**Exercise directions**
Your answer must be the full listing, word for word, with no images in it.

**Data for review**
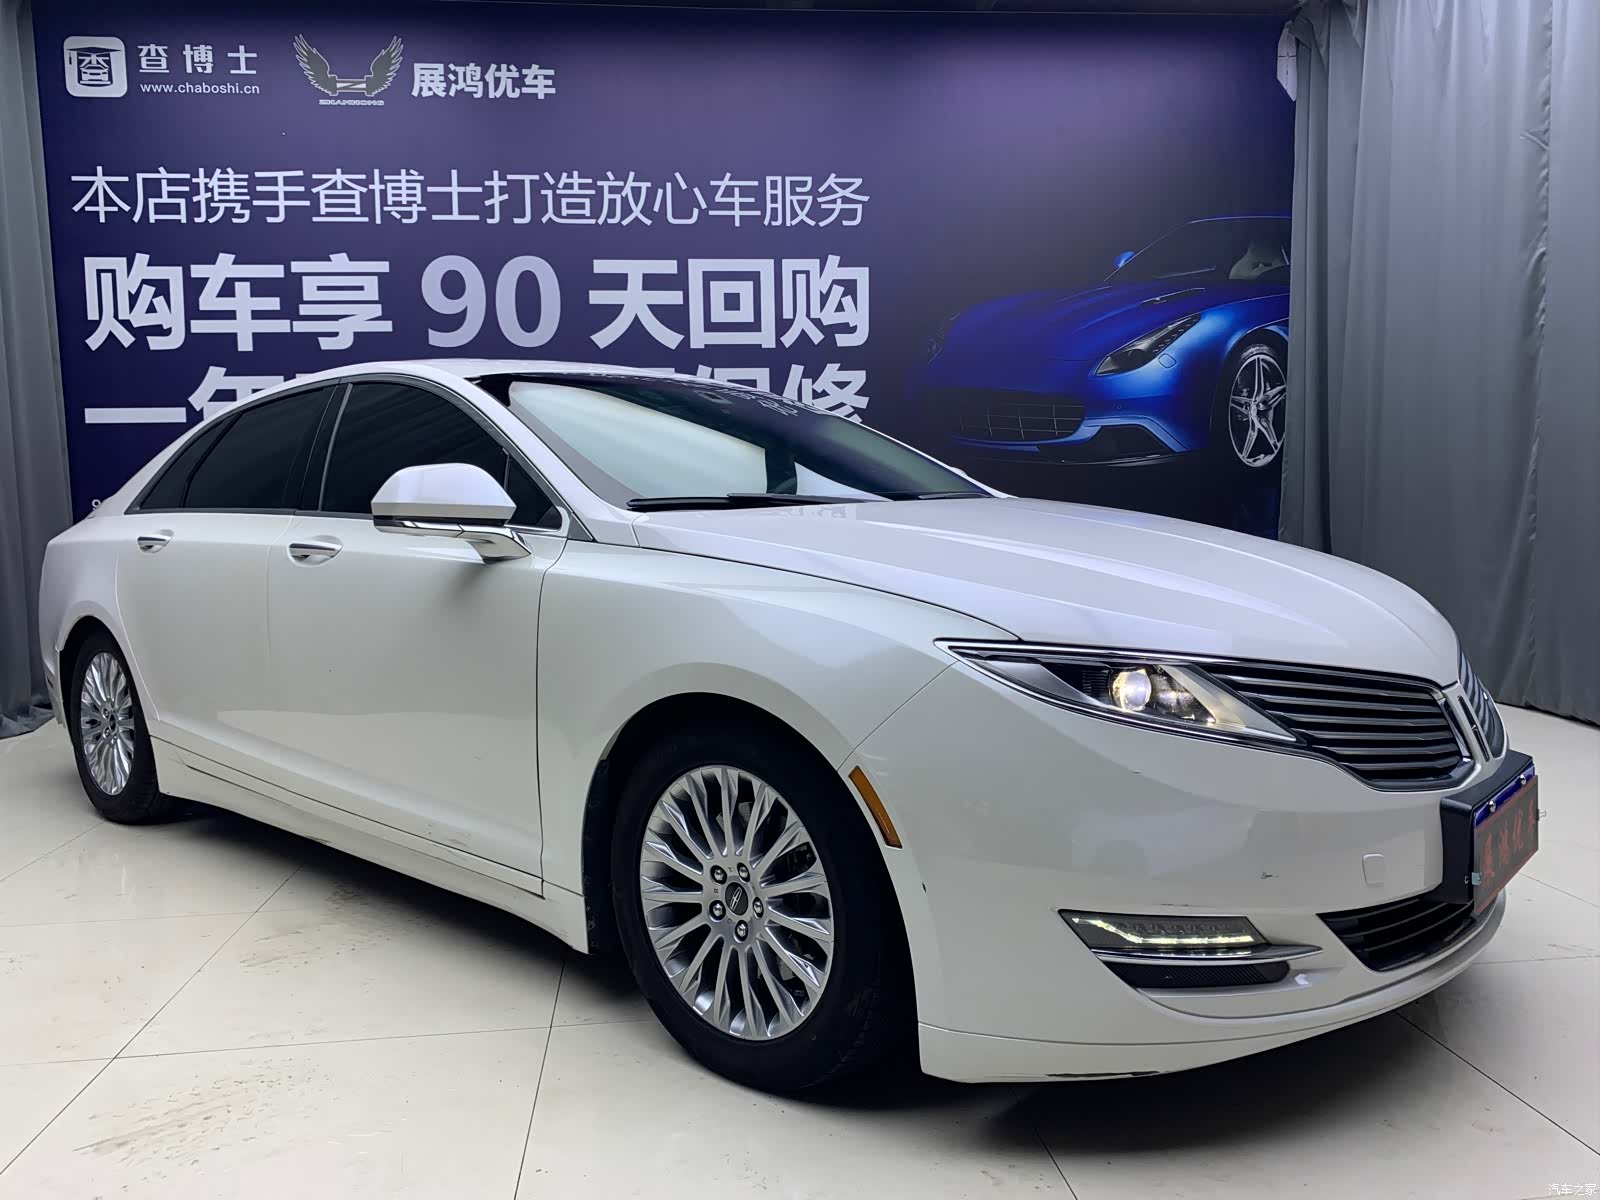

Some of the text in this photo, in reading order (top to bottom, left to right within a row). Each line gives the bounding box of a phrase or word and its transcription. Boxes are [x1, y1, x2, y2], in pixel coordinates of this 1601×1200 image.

[137, 43, 258, 75] 查博士
[139, 81, 260, 95] www.chaboshi.cn
[410, 62, 557, 100] 展鸿优车
[71, 165, 871, 228] 本店携手查博士打造放心车服务
[83, 252, 871, 352] 购车享 90 天回购
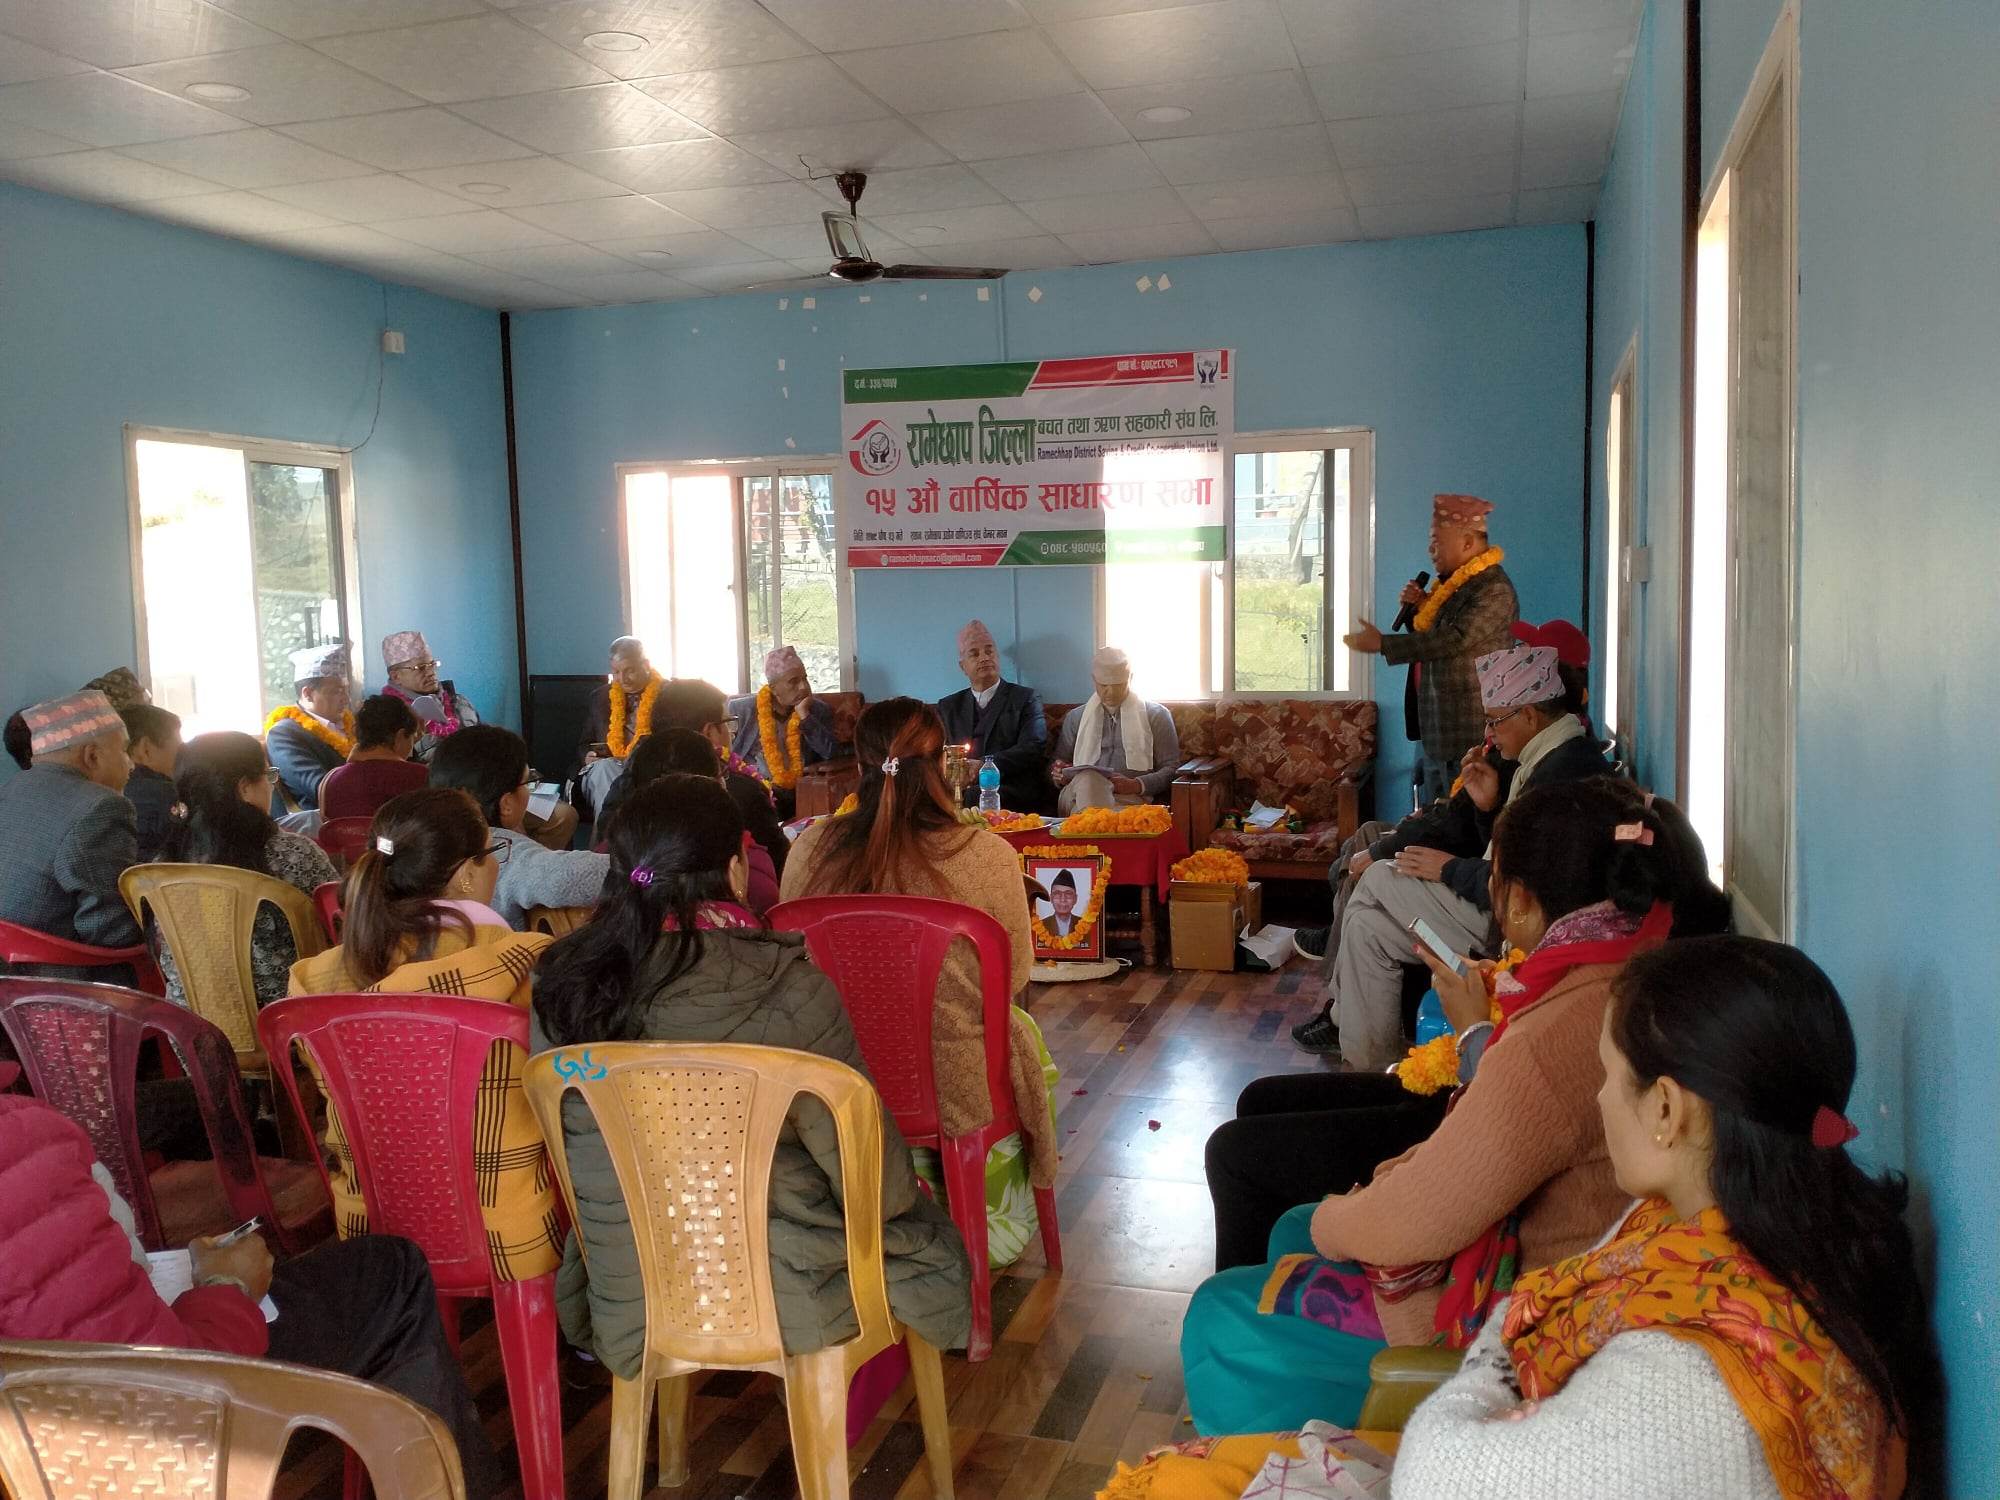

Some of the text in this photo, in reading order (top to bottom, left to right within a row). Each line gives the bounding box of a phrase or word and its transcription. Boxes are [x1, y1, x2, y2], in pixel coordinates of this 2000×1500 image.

[906, 408, 973, 468] रामेछाप
[979, 404, 1036, 466] जिल्ला
[1038, 419, 1063, 434] बचत
[1067, 417, 1090, 434] तथा
[1125, 408, 1171, 432] सहकारी
[1175, 409, 1196, 429] संघ
[1200, 405, 1218, 427] लि.
[1037, 446, 1073, 462] Ramechhap
[1074, 444, 1096, 458] District
[866, 489, 896, 516] १५
[949, 476, 1029, 512] वार्षिक
[1038, 482, 1144, 512] साधारण

**Reply to the exercise**
Some of the text in this photo, in reading order (top to bottom, left to right within a row). Each line gives the bounding box of a phrase or word and its transcription. Boxes are [x1, y1, x2, y2], in pixel coordinates of this 1601×1200 image.

[137, 43, 258, 75] 查博士
[139, 81, 260, 95] www.chaboshi.cn
[410, 62, 557, 100] 展鸿优车
[71, 165, 871, 228] 本店携手查博士打造放心车服务
[83, 252, 871, 352] 购车享 90 天回购

Some of the text in this photo, in reading order (top to bottom, left to right within a row). Each line gives the bounding box of a phrase or word and its transcription. Boxes are [x1, y1, x2, y2], in pixel coordinates of this 2000×1500 image.

[906, 408, 973, 468] रामेछाप
[979, 404, 1036, 466] जिल्ला
[1038, 419, 1063, 434] बचत
[1067, 417, 1090, 434] तथा
[1125, 408, 1171, 432] सहकारी
[1175, 409, 1196, 429] संघ
[1200, 405, 1218, 427] लि.
[1037, 446, 1073, 462] Ramechhap
[1074, 444, 1096, 458] District
[866, 489, 896, 516] १५
[949, 476, 1029, 512] वार्षिक
[1038, 482, 1144, 512] साधारण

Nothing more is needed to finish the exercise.